[[ GIVEN INFORMATION, beginning ]]

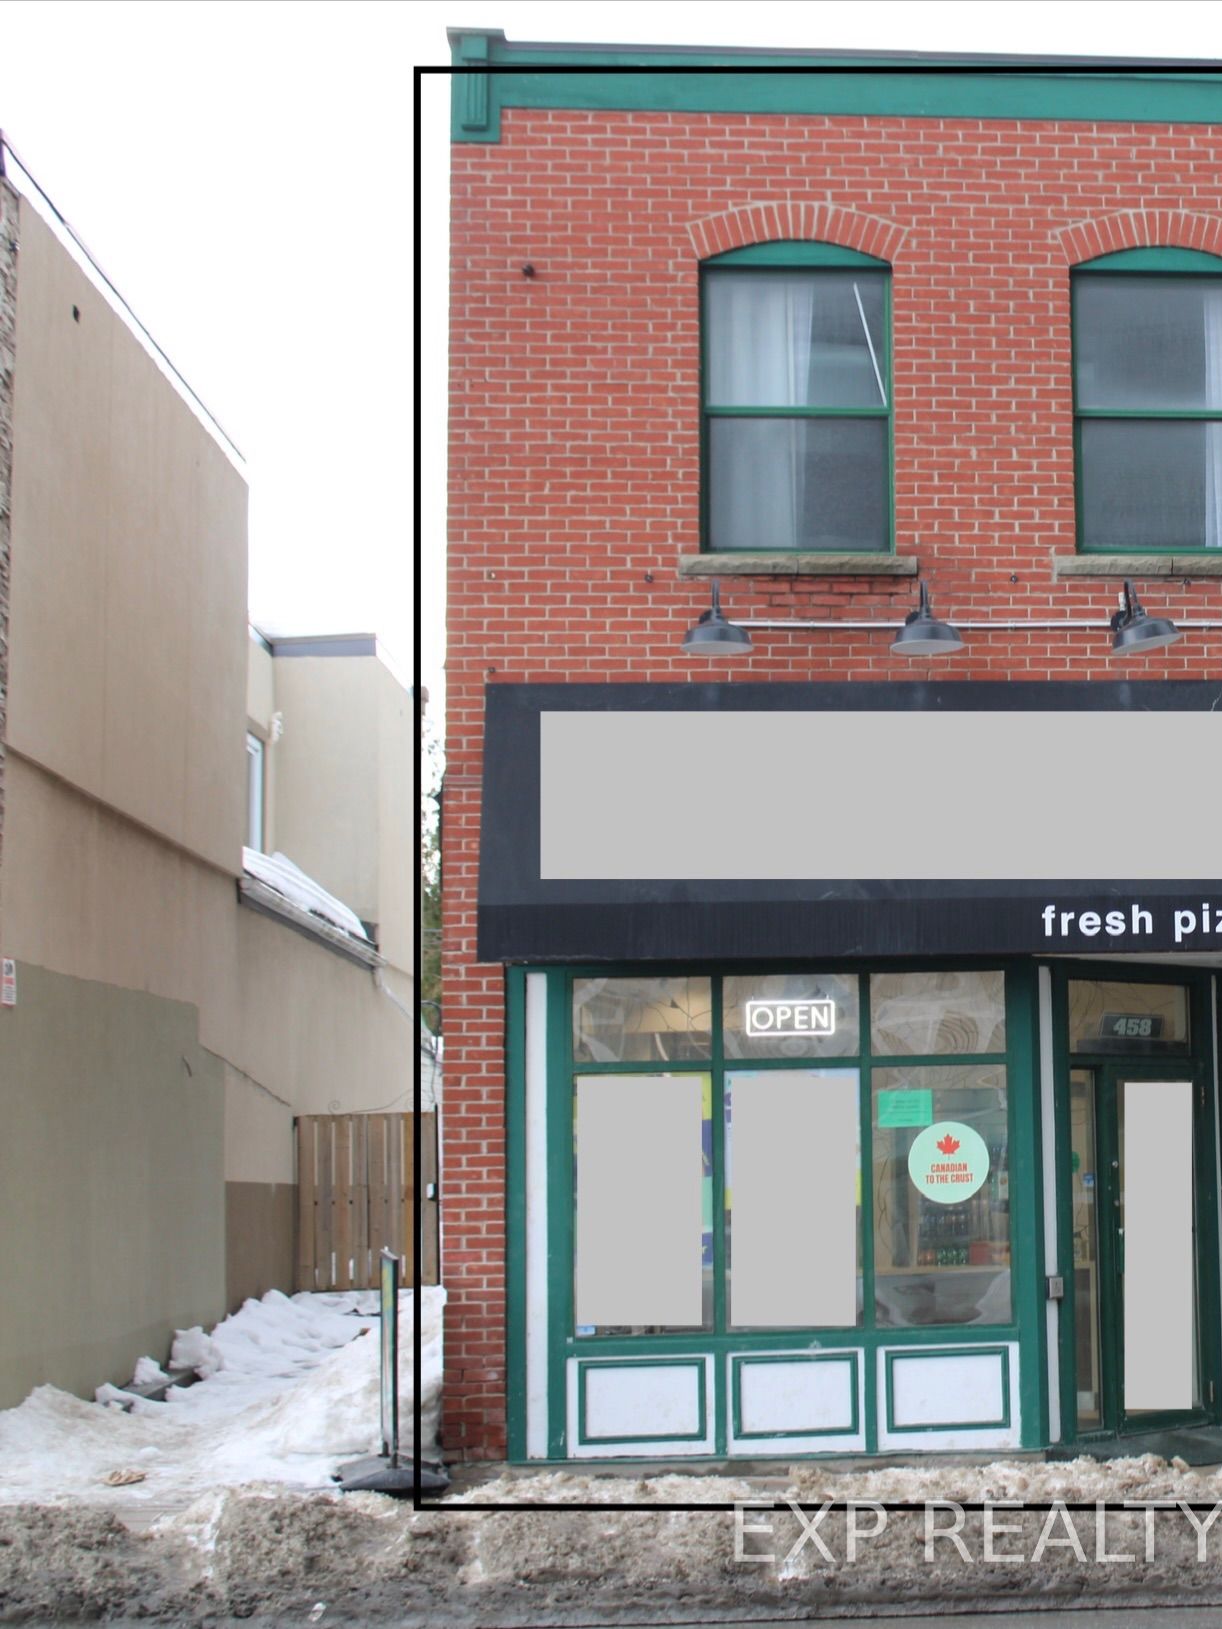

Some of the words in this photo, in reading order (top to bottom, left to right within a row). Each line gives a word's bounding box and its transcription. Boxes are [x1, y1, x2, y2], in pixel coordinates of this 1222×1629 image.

[1041, 904, 1154, 937] fresh
[751, 1005, 829, 1030] OPEN
[1112, 1018, 1153, 1036] 458
[930, 1163, 968, 1173] CANADIAN
[925, 1174, 935, 1185] TO
[936, 1174, 949, 1184] THE
[951, 1173, 973, 1184] CRUST

[[ GIVEN INFORMATION, end ]]

> WHAT YOU ARE ASKED TO DO
Write out the records above exactly. Pictures do not belong in the copy.

> EXERCISE OUTPUT
Some of the words in this photo, in reading order (top to bottom, left to right within a row). Each line gives a word's bounding box and its transcription. Boxes are [x1, y1, x2, y2], in pixel coordinates of this 1222×1629 image.

[1041, 904, 1154, 937] fresh
[751, 1005, 829, 1030] OPEN
[1112, 1018, 1153, 1036] 458
[930, 1163, 968, 1173] CANADIAN
[925, 1174, 935, 1185] TO
[936, 1174, 949, 1184] THE
[951, 1173, 973, 1184] CRUST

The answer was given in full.